> Action item
Could you output the whole listing exactly as it stands, minus any images?

> The records
=== Section Start ===

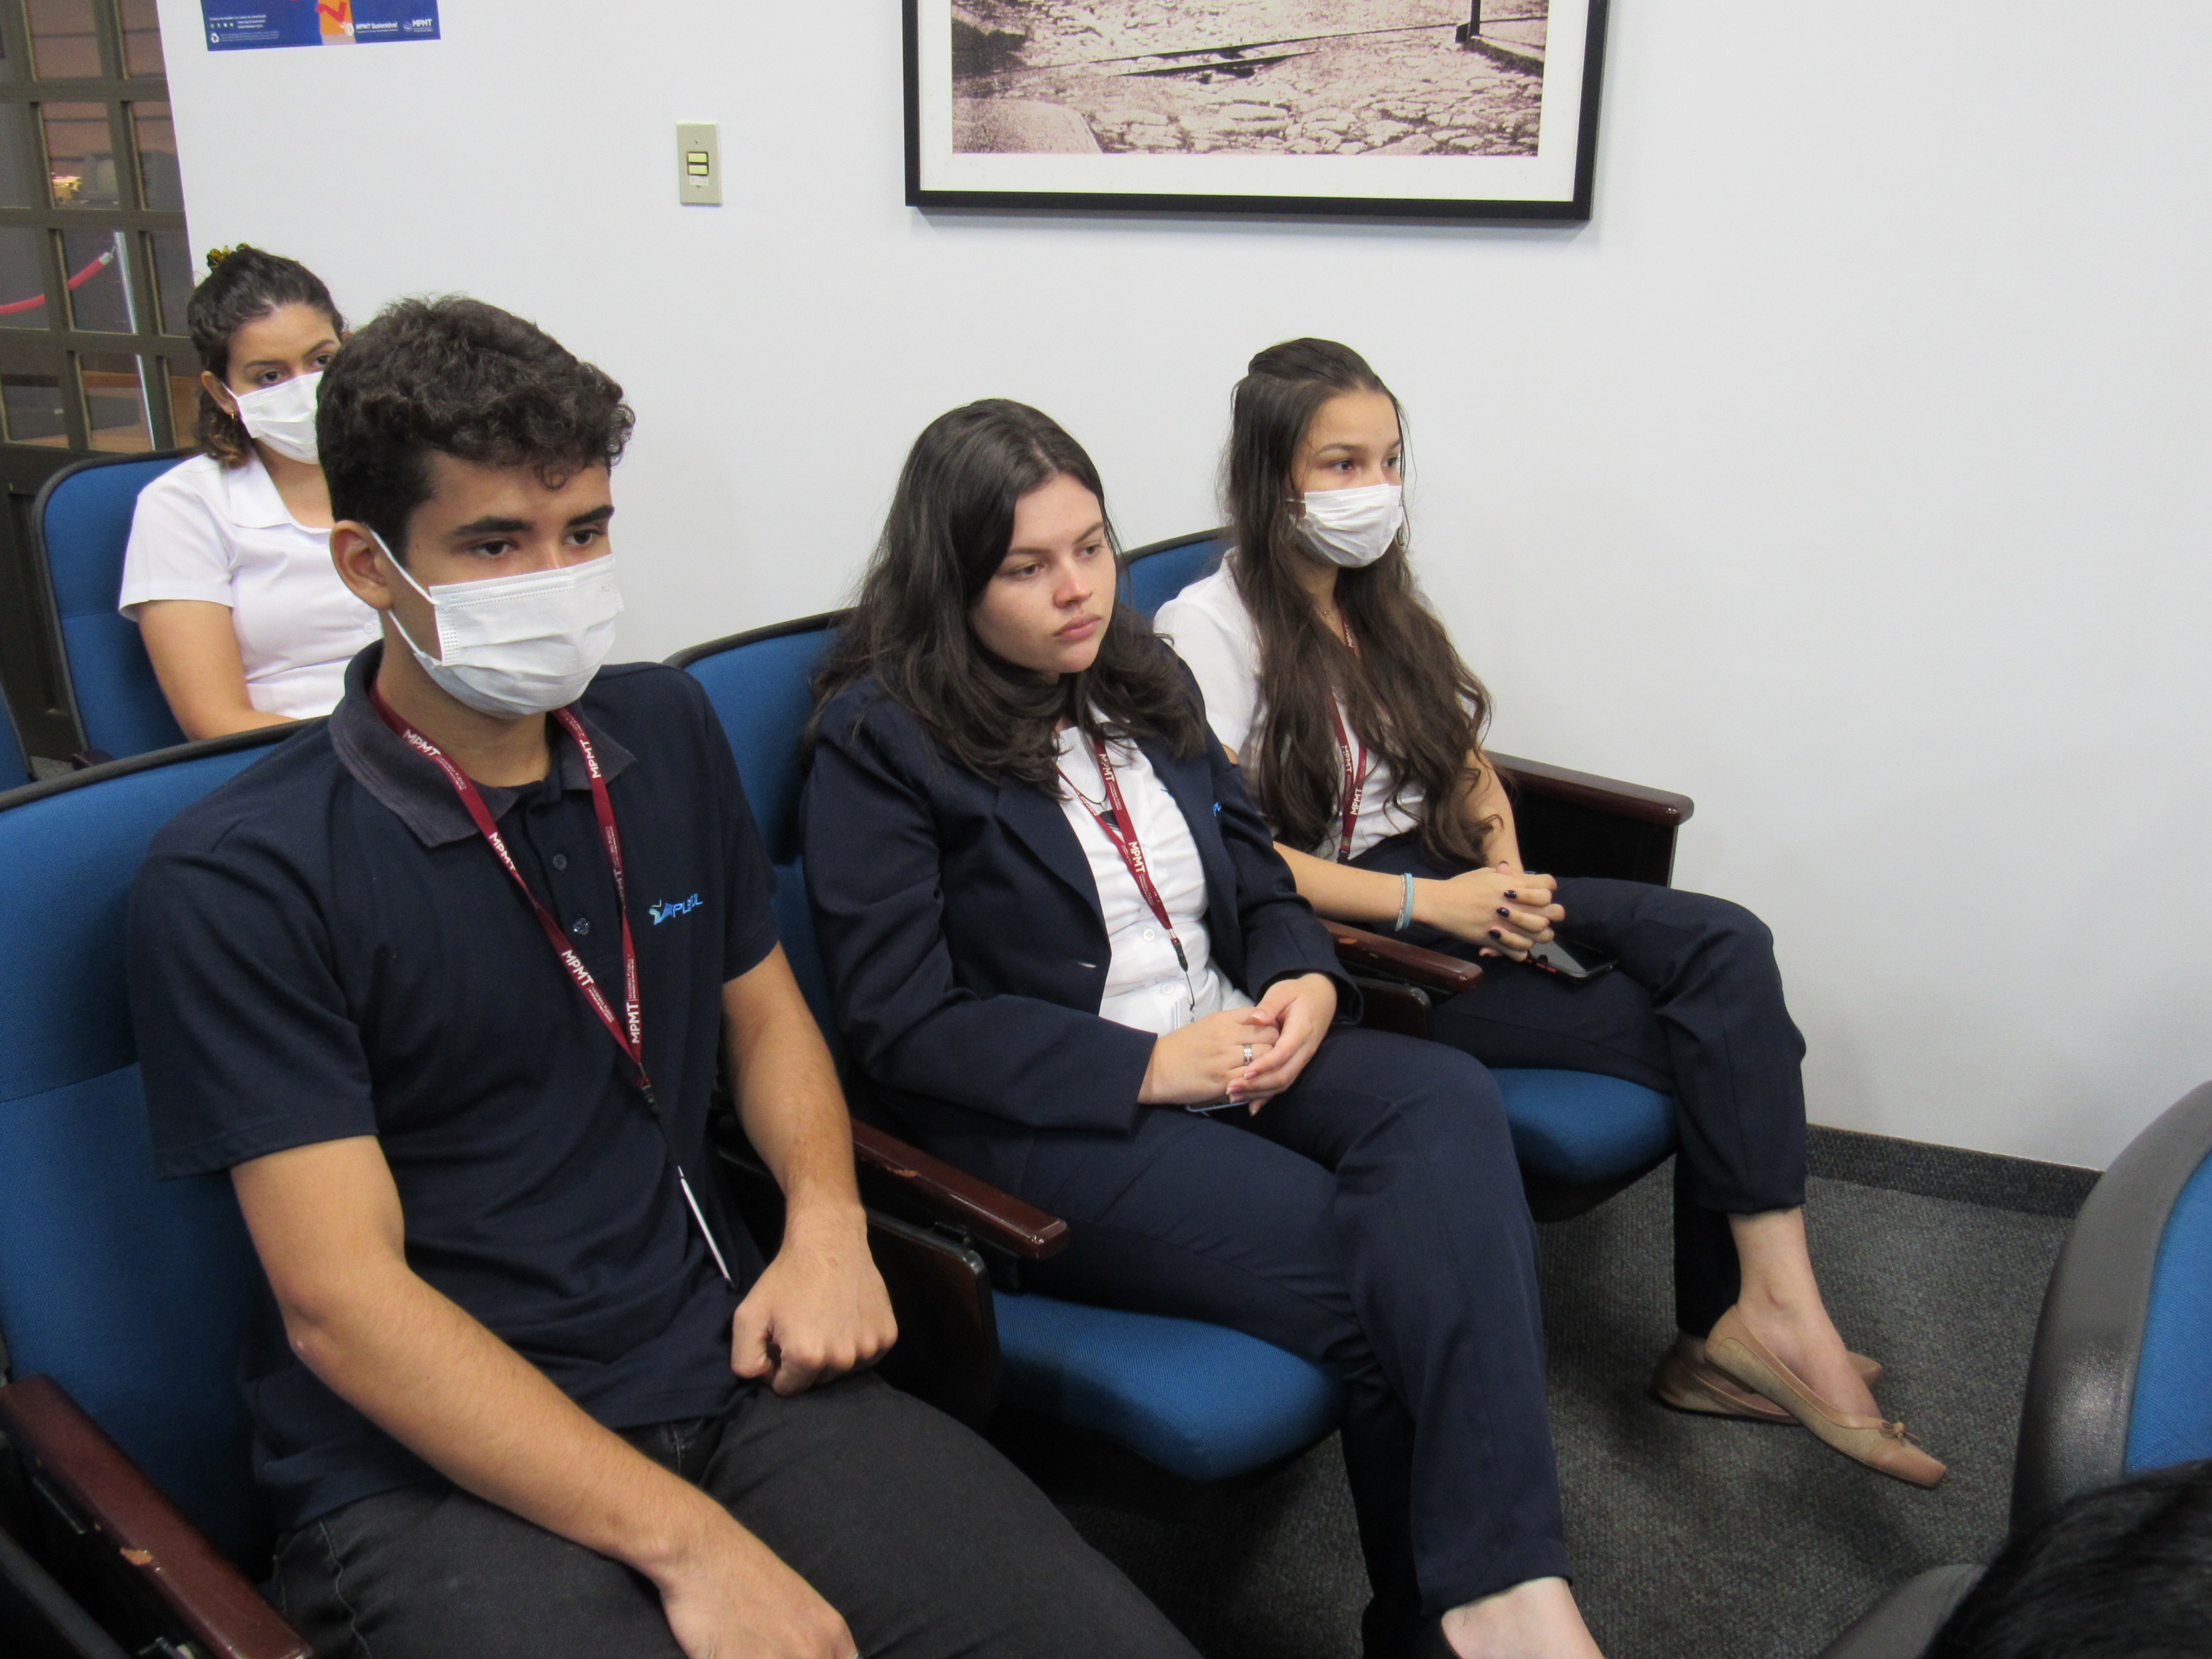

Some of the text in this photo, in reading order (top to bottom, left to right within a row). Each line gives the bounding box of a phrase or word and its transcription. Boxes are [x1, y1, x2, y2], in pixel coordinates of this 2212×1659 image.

[412, 19, 432, 27] MPMT
[403, 729, 441, 756] MPMT
[579, 739, 601, 778] MPMT
[1098, 754, 1115, 781] MPMT
[1350, 788, 1363, 815] MPMT
[489, 832, 516, 870] MPMT
[1128, 842, 1145, 872] MPMT
[562, 949, 594, 985] MPMT
[626, 1002, 640, 1044] MPMT

=== Section End ===

> The completed task
Some of the text in this photo, in reading order (top to bottom, left to right within a row). Each line gives the bounding box of a phrase or word and its transcription. Boxes are [x1, y1, x2, y2], in pixel coordinates of this 2212×1659 image.

[412, 19, 432, 27] MPMT
[403, 729, 441, 756] MPMT
[579, 739, 601, 778] MPMT
[1098, 754, 1115, 781] MPMT
[1350, 788, 1363, 815] MPMT
[489, 832, 516, 870] MPMT
[1128, 842, 1145, 872] MPMT
[562, 949, 594, 985] MPMT
[626, 1002, 640, 1044] MPMT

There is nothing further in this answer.